● **Assignment**:
Please retype all of the entries that follow, leaving the images out.
-=-=-=-=-
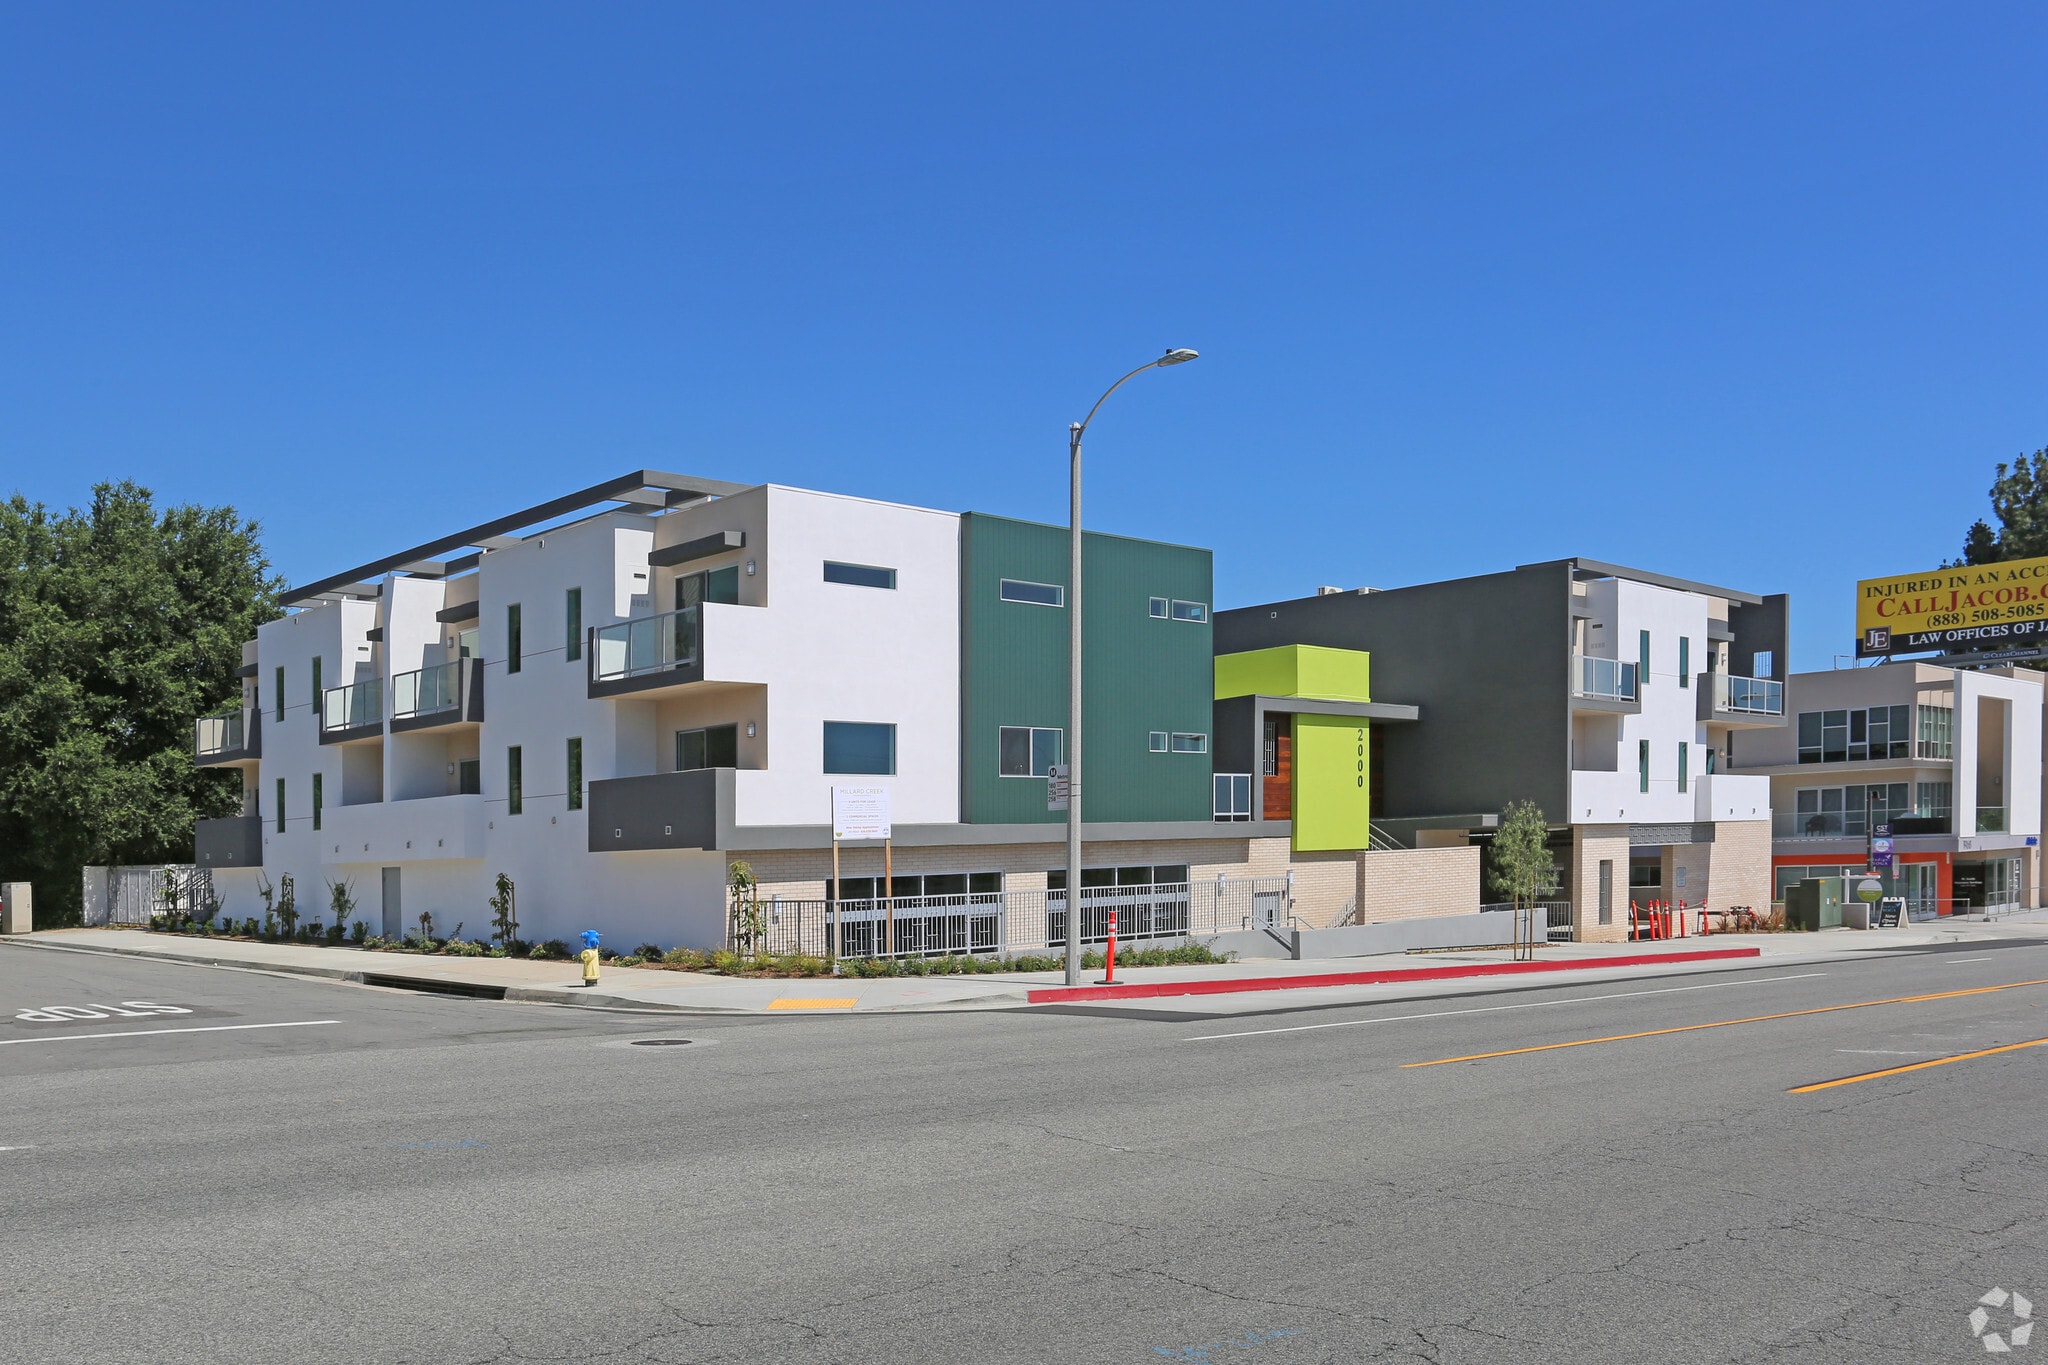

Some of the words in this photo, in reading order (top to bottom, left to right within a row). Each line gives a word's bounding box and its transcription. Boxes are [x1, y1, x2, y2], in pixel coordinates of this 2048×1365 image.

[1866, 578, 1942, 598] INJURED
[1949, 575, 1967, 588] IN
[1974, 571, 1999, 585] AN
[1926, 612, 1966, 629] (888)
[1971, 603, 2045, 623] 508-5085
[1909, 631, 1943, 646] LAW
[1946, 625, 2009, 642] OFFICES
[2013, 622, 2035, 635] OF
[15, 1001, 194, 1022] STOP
-=-=-=-=-
● **Finished exercise**:
Some of the words in this photo, in reading order (top to bottom, left to right within a row). Each line gives a word's bounding box and its transcription. Boxes are [x1, y1, x2, y2], in pixel coordinates of this 2048×1365 image.

[1866, 578, 1942, 598] INJURED
[1949, 575, 1967, 588] IN
[1974, 571, 1999, 585] AN
[1926, 612, 1966, 629] (888)
[1971, 603, 2045, 623] 508-5085
[1909, 631, 1943, 646] LAW
[1946, 625, 2009, 642] OFFICES
[2013, 622, 2035, 635] OF
[15, 1001, 194, 1022] STOP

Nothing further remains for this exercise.